Grounding everything in specifications reduces ambiguity and creates a repeatable, client‑ready workflow that guides AI assistants and other agents without leaving critical knowledge hidden in the chat history.

Many people find mock-ups helpful to visualize the new feature. We can supplement the specification with a quick Figma mock-up created by a designer, or better still, we guide the GenAI assistant to generate the mock-up directly from the existing codebase and design guidelines. Prompt: “Create a mock-up for this new feature.”

At this stage, just like in traditional approaches, it’s essential to review and revise the specification.

Backlog Creation

The amount of effort that a state‑of‑the‑art model can achieve with a single prompt (think unsupervised work) seems to be approximately the equivalent of an hour of human effort. It is unlikely that the GenAI assistant will reliably implement a whole new feature in one go. We need to break it down into smaller chunks.

It is important to note that this metric is increasing rapidly and is likely to increase in the future. Independent evaluations by METR (Model Evaluation & Threat Research) show that the length of software‑engineering tasks which frontier AI models can reliably complete has been doubling approximately every seven months between 2019 and 2024 (metr.org). As of mid‑2025, METR measured that GPT‑5 has a 50% time horizon of around two hours on agentic software‑engineering tasks—meaning it has a 50% chance of correctly completing tasks that take a human professional unfamiliar with the codebase around that long (metr.github.io). This provides an external benchmark for how quickly this capability is scaling.

Using the high‑level specification and design, we prompt the GenAI assistant to elaborate it into a backlog. The assistant breaks the feature into independent, testable backlog items, each with its own acceptance criteria.

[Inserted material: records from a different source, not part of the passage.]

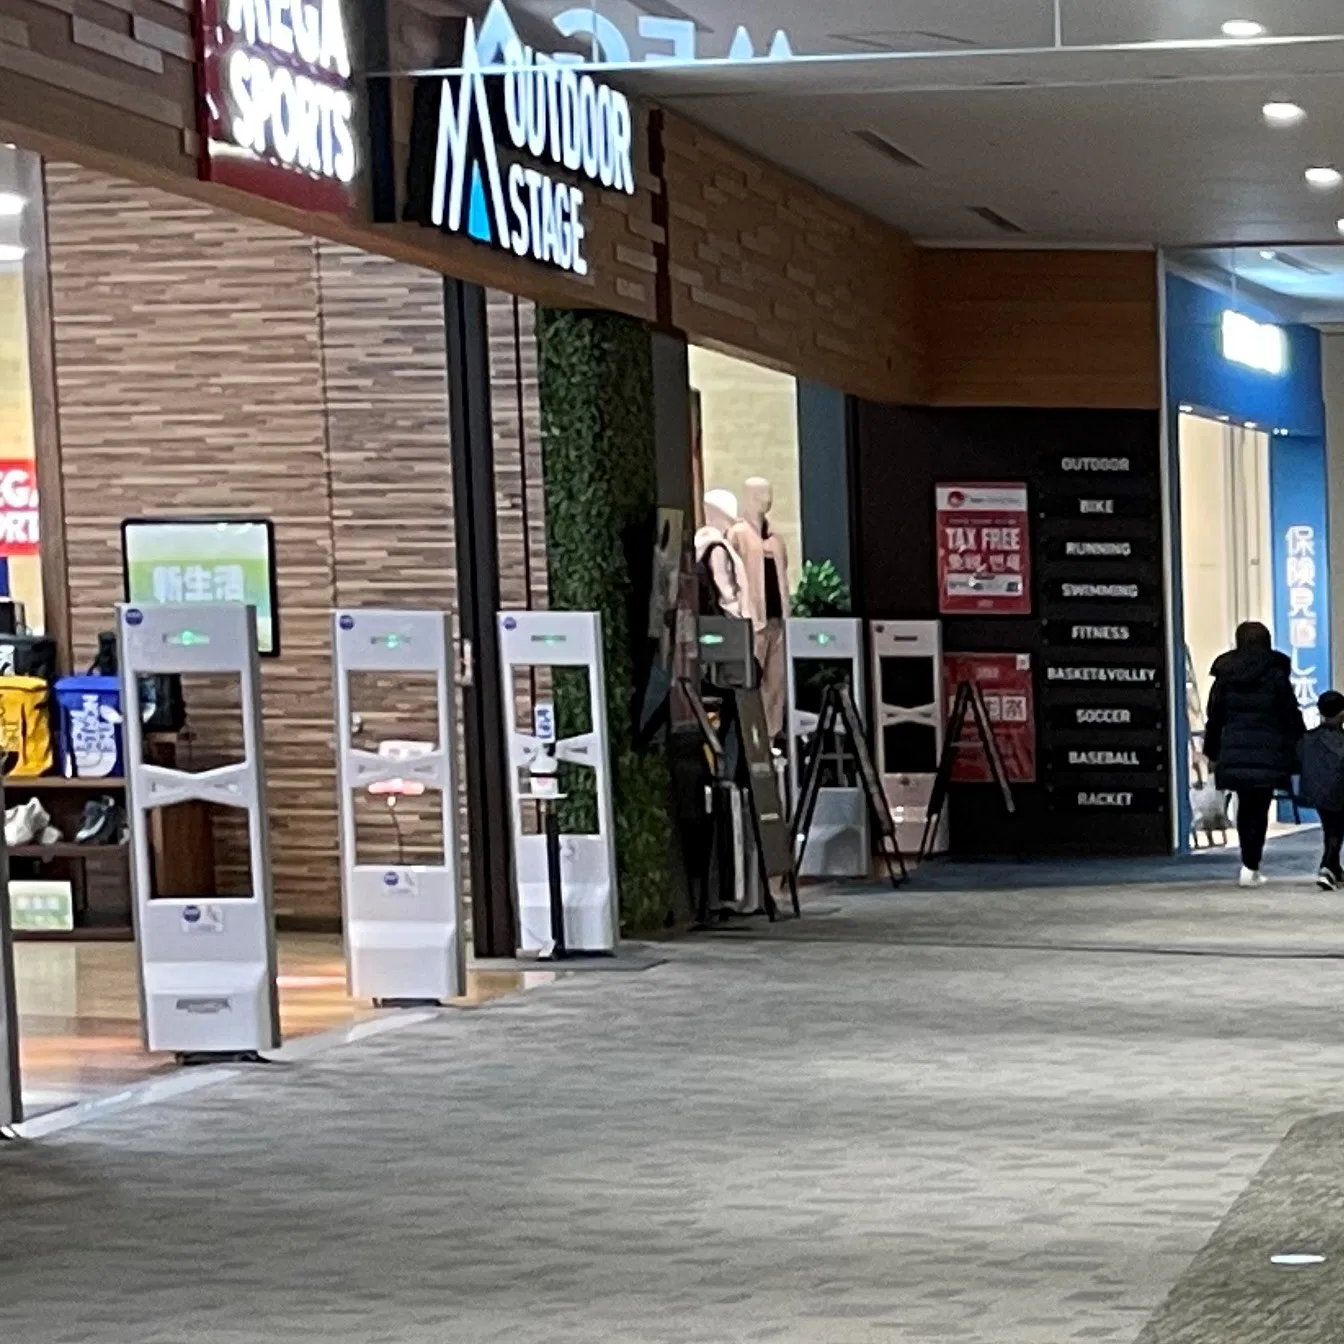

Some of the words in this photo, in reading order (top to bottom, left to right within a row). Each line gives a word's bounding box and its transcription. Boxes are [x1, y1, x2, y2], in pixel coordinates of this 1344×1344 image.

[230, 50, 355, 182] SPORTS
[504, 40, 635, 195] OUTDOOR
[508, 163, 588, 276] STAGE
[1061, 457, 1130, 471] OUTDOOR
[1080, 500, 1114, 513] BIKE
[945, 528, 977, 550] TAX
[981, 528, 1020, 550] FREE
[1065, 542, 1131, 556] RUNNING
[1061, 583, 1138, 598] SWIMMING
[1071, 625, 1129, 640] FITNESS
[1047, 667, 1156, 681] BASKET&VOLLEY
[1076, 709, 1131, 723] SOCCER
[1068, 751, 1140, 765] BASEBALL
[1077, 792, 1133, 806] RACKET

Prompt: “Break down this feature into a set of backlog items.”        

This transformation ensures that each backlog item can be developed, tested, and validated independently. Especially for a complex feature, we may want to validate the breakdown, and again the GenAI assistant can do this with a simple prompt: “Review the feature specification and validate that it is consistent with its backlog items.”

Hosted vs. Self‑Hosted Models

As an aside, I am often asked whether we can use self‑ or client‑hosted models for the GenAI assistant. The current reality is that state‑of‑the‑art models are significantly more capable than self‑hosted alternatives. A good measure for whether a model is “good enough” is the amount of unsupervised work that a model can do reliably.

Building with AI Assistants + MCP

Now that we have a backlog in hand, the real work begins. At this stage, because we have been using our ticketing system, we can choose to use AI or a developer for each backlog item.

AI agents, acting as developers, pick up items and implement them using AI assistants integrated with MCP.

The prompts for the coding assistant might look like:

“Implement and test backlog item nnnn.”.        

The intent is to iterate until we have met our definition of done. This goes beyond unit tests: it includes passing tests against the acceptance criteria, integration checks where relevant, adherence to coding standards, security standards, updated documentation, and alignment with project guidance.

To set expectations, the GenAI assistant is unlikely to get everything right first time. The assistant generates and runs code and tests in a feedback loop. Whether you see tests as coming first or code as coming first, the key point is that both evolve together until the definition of done is met. It will automatically correct build errors, and when it runs tests it may need to redo some of the code. Sometimes the developer will need to intervene.

There are two key contexts that the GenAI assistant needs for this process:

  • The specification and design which are in the backlog item; think of this as the what we are building.
  • Instructions and guidance, typically in the form of Markdown files, that provide the how we are building.

The human‑in‑the‑loop is essential to this stage of the process: to review what the agent is doing and intervene when the GenAI asks for assistance or where the developer has concerns about the steps the agent is performing. Whilst it is tempting for a developer to intervene by writing code or prompts, to make this a simple repeatable process, the developer instead needs to:

  • Identify the cause of the concern or issue.
  • If it relates to the what being built, update the specification (and align other backlog items).
  • If it relates to the how the backlog item is being implemented, update the instructions.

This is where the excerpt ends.